Katrin Herrling (left)/Funding Xchange.
SME directors with poor credit ratings six times more likely to default during Covid
Funding Xchange‘s Lending Monitor report focuses on some of the countervailing trends played out during Covid and currently in the SME lending market and what it means for lenders.

SMEs run by directors with poor credit ratings were up to six times more likely to default during coronavirus than those with strong credit ratings, irrespective of trading performance, a new report shows.
Funding Xchange‘s Lending Monitor report for 2022 focuses on some of the countervailing trends played out during Covid and currently in the SME lending market and what it means for lenders.
It said that during Covid a “very clear picture” emerged about which businesses were likely to be resilient during the pandemic, pinpointing the importance of looking at the credit score of SME directors.
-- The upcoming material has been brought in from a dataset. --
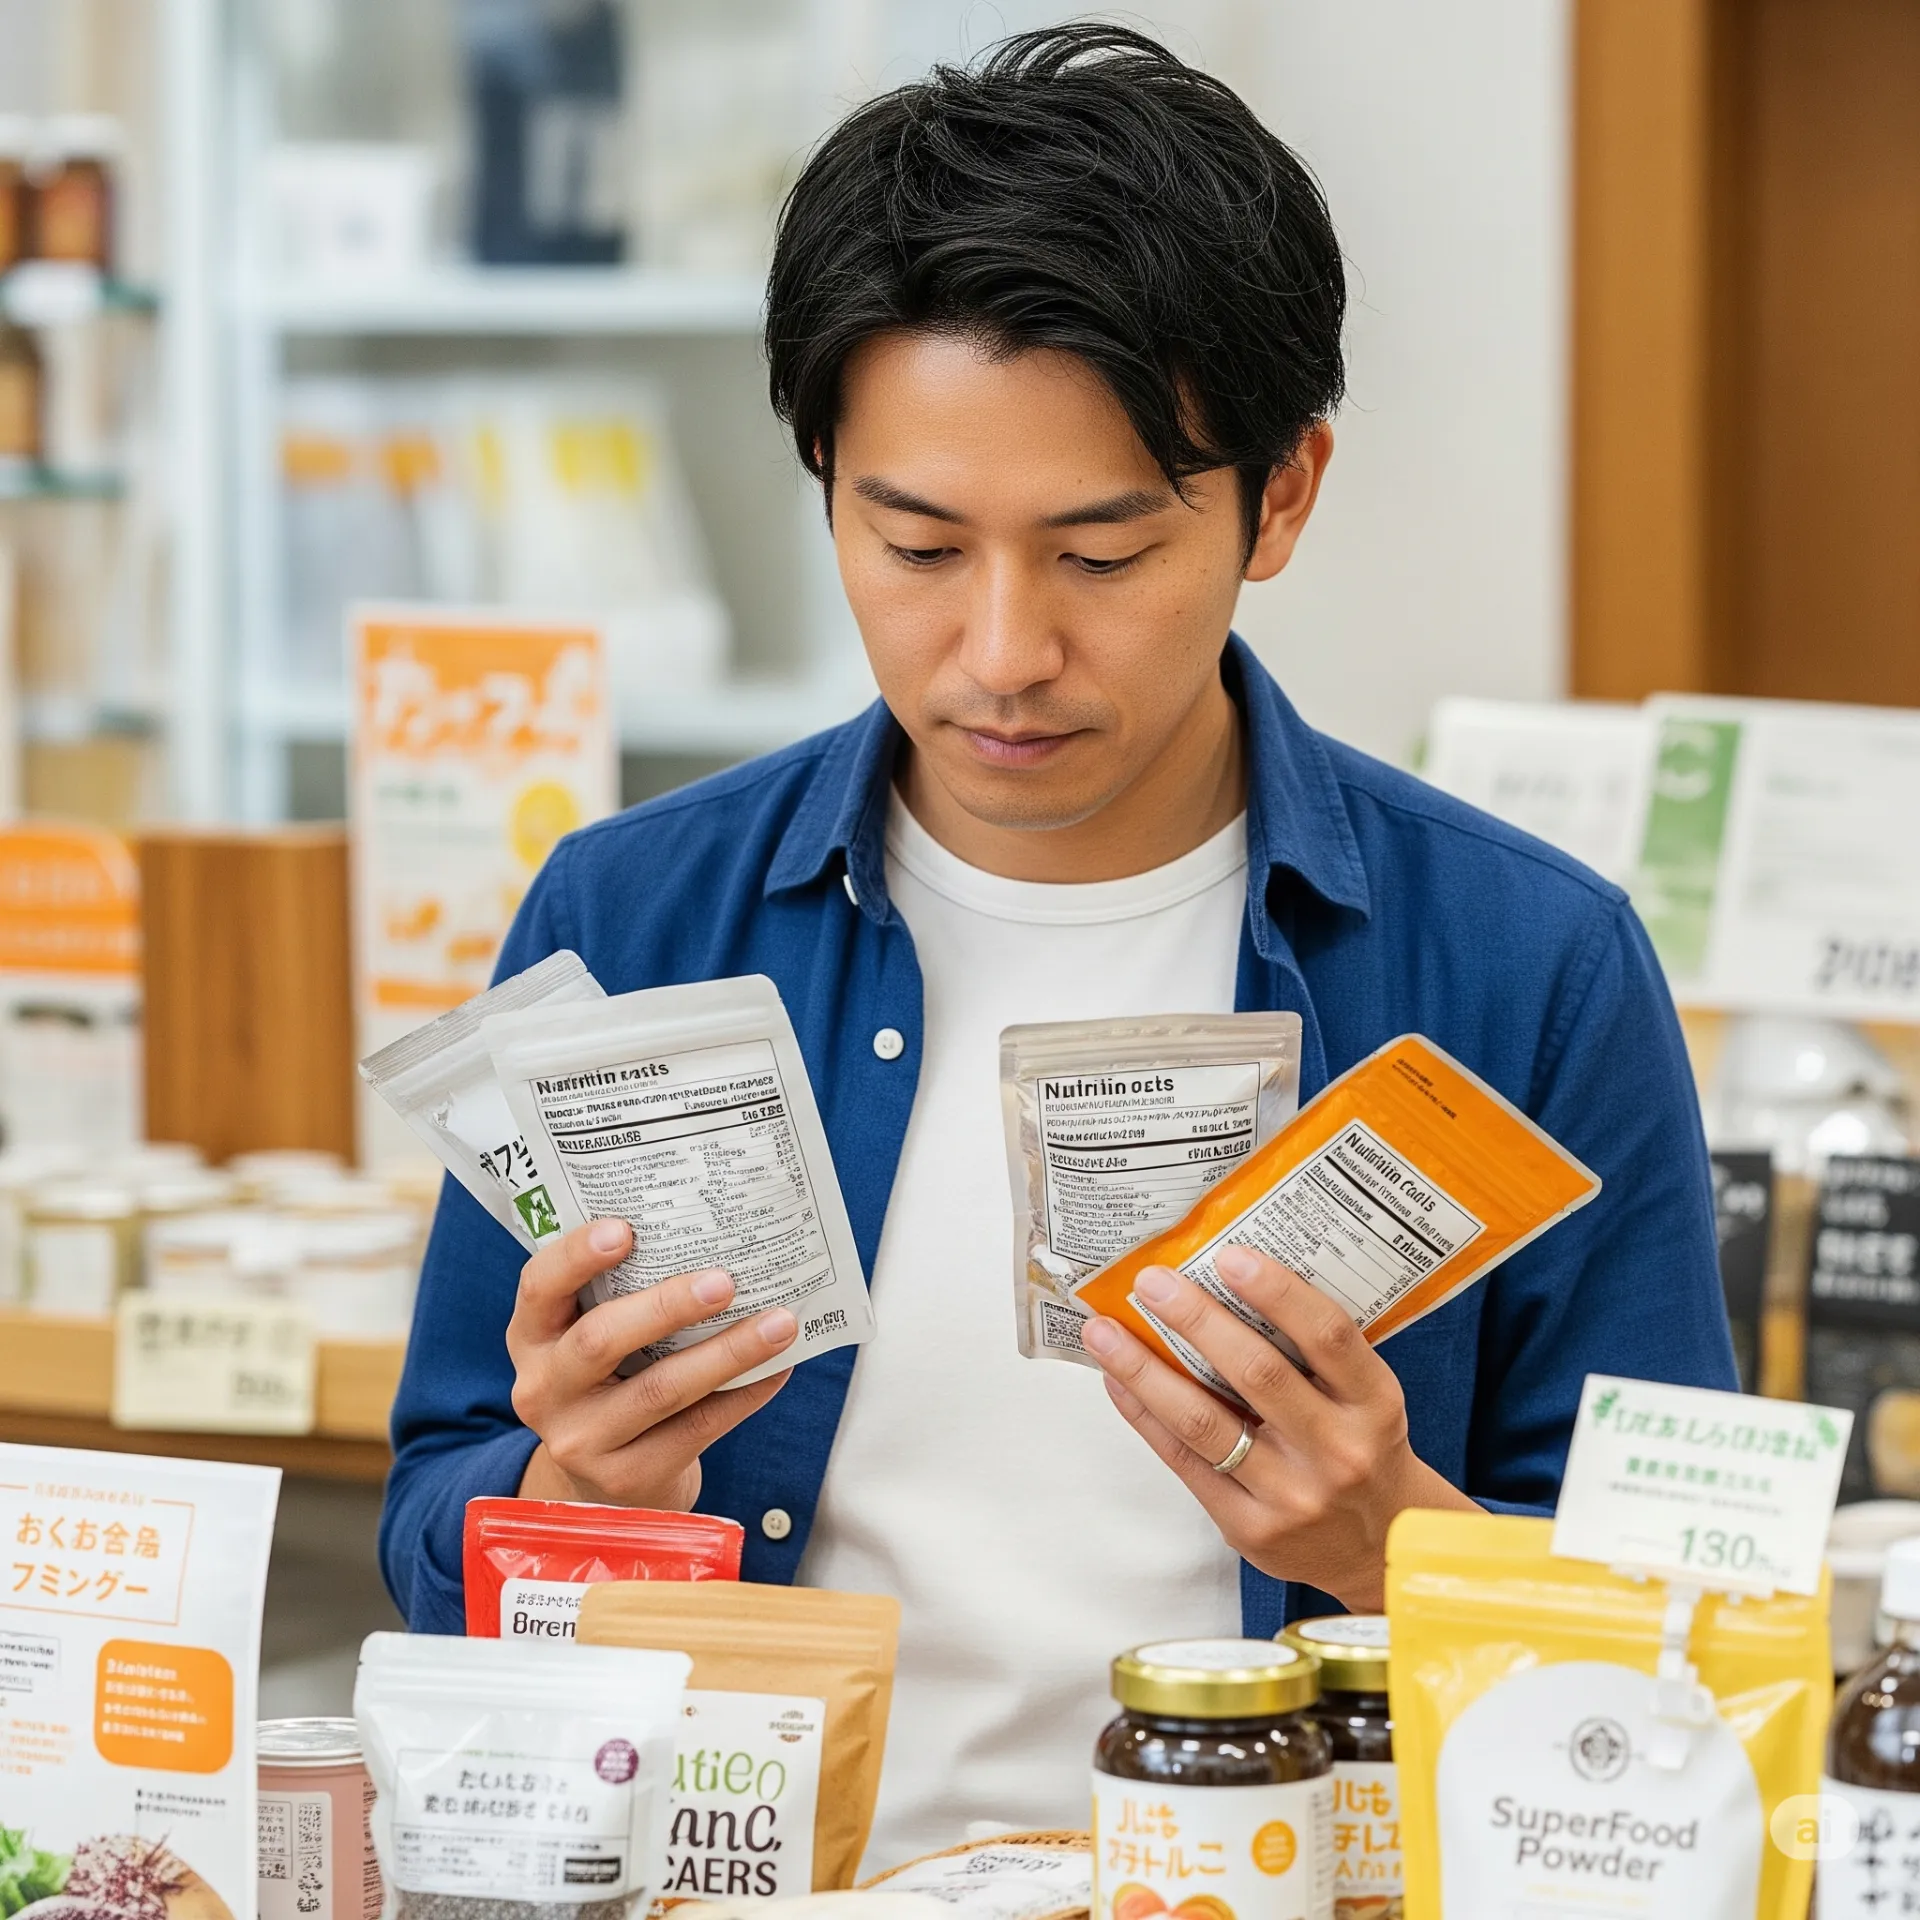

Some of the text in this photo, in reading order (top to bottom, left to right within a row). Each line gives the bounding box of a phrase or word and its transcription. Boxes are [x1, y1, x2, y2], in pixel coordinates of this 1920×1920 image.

[1680, 1527, 1756, 1571] 130
[1490, 1796, 1699, 1850] SuperFood
[1515, 1835, 1664, 1882] Powder
The report says: “Weak profiles show three to six times higher default rates – irrespective of the trading performance during the crisis and the sector the business operates in.
“It is likely that with continued uncertainty and external shocks, the role of leaders in a business will be key to their resilience and success in 2022 and beyond.”
The data, which was scrutinised over a 12 month period to March 2022, is taken from credit references agencies, considering factors such as repayment of existing debt and bank account management.
Funding Xchange, which is headed up by CEO Katrin Herring said: “The purpose of this comparison is to show the direct correlation between the directors’ ability to maintain good personal finance translates into how they manage their business.”
Other key data spotlighted by Funding Xchange in the report was that it was seeing a 36 per cent year-on-year increase in gig-entrepreneurs seeking finance, through its marketplace.
It says: “Businesses born during a crisis are often more resilient.
“Yet the shift towards gig-entrepreneurs, while making it easier to become an entrepreneur also created a large segment of marginal endeavours- often too small to be called a business that exist to replace employment or fulfil a lifestyle”.
The SME lending marketplace also highlighted that while many firms built a “leaner, more nimble” businesses during Covid, by embracing trends like remote working and moving online, these leaner firms might not be protected from the surge in energy prices, wages and inflated costs of raw materials.
“Even booming sectors, like construction, are facing a squeeze on margin that appears to be leading to a rise in insolvencies,” it said.
While saying the strength of the post-Covid economy continues to surprise, it said there was a “nervousness” that government loans, like BBLS, dolled out during Covid may still drive a wave of “delayed insolvencies”.
It added that much of the bad news is still to come and that there could be an 18 per cent increase in insolvencies in Q4 2021, compared to the Q3 2021.